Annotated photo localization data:
----------------------------------------

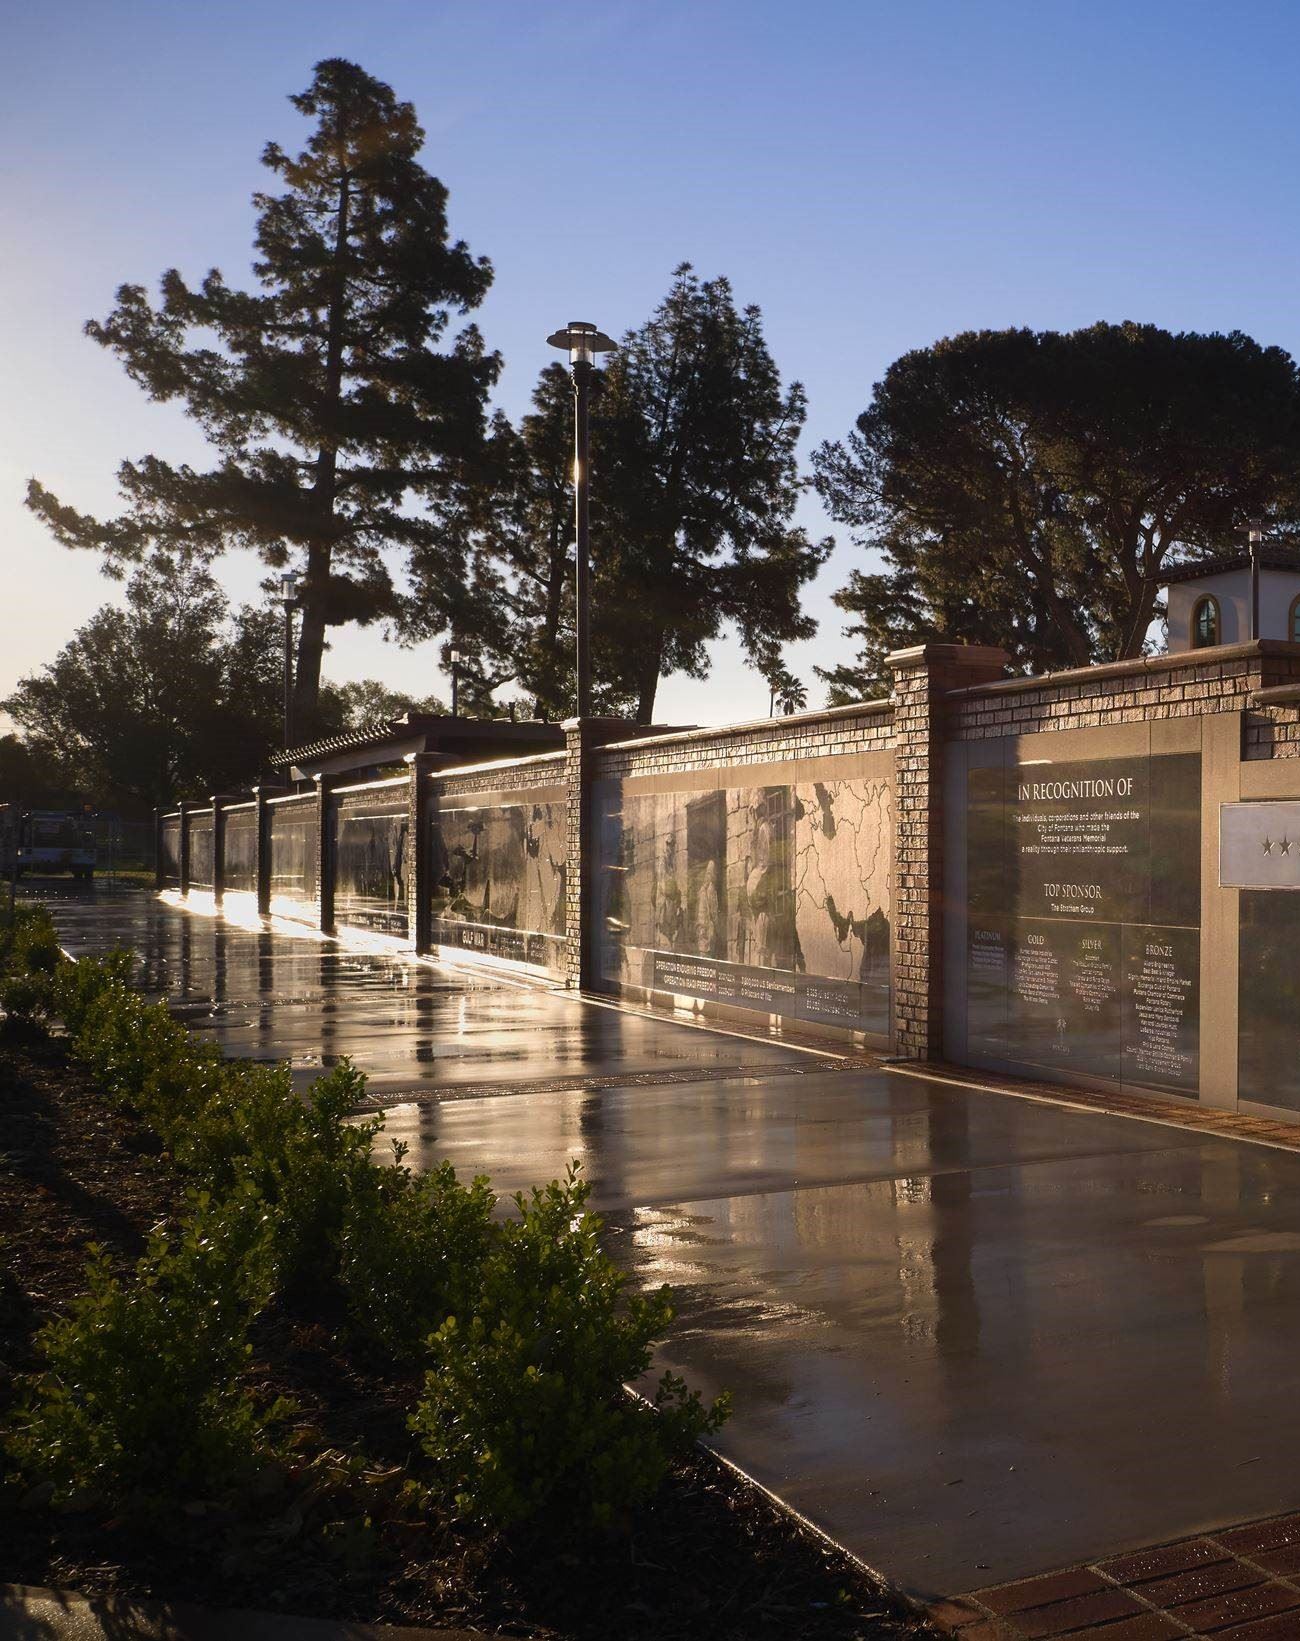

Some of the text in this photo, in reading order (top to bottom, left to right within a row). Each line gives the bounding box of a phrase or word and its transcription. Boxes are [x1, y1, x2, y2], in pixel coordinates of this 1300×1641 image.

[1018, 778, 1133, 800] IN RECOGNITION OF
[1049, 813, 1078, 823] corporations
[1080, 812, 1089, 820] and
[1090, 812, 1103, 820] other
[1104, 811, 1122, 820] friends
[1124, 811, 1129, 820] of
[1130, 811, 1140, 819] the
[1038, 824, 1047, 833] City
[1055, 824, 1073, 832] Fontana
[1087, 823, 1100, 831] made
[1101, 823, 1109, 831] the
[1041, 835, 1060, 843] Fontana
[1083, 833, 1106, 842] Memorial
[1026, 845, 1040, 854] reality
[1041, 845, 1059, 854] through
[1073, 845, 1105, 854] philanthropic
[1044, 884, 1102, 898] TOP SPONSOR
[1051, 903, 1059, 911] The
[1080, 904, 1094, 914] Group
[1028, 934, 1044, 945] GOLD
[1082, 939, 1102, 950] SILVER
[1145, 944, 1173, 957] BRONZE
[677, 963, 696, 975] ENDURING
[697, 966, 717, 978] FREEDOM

----------------------------------------

Work task: The answer must match the entries above line for line, with the pictures dropped.

Solution:
Some of the text in this photo, in reading order (top to bottom, left to right within a row). Each line gives the bounding box of a phrase or word and its transcription. Boxes are [x1, y1, x2, y2], in pixel coordinates of this 1300×1641 image.

[1018, 778, 1133, 800] IN RECOGNITION OF
[1049, 813, 1078, 823] corporations
[1080, 812, 1089, 820] and
[1090, 812, 1103, 820] other
[1104, 811, 1122, 820] friends
[1124, 811, 1129, 820] of
[1130, 811, 1140, 819] the
[1038, 824, 1047, 833] City
[1055, 824, 1073, 832] Fontana
[1087, 823, 1100, 831] made
[1101, 823, 1109, 831] the
[1041, 835, 1060, 843] Fontana
[1083, 833, 1106, 842] Memorial
[1026, 845, 1040, 854] reality
[1041, 845, 1059, 854] through
[1073, 845, 1105, 854] philanthropic
[1044, 884, 1102, 898] TOP SPONSOR
[1051, 903, 1059, 911] The
[1080, 904, 1094, 914] Group
[1028, 934, 1044, 945] GOLD
[1082, 939, 1102, 950] SILVER
[1145, 944, 1173, 957] BRONZE
[677, 963, 696, 975] ENDURING
[697, 966, 717, 978] FREEDOM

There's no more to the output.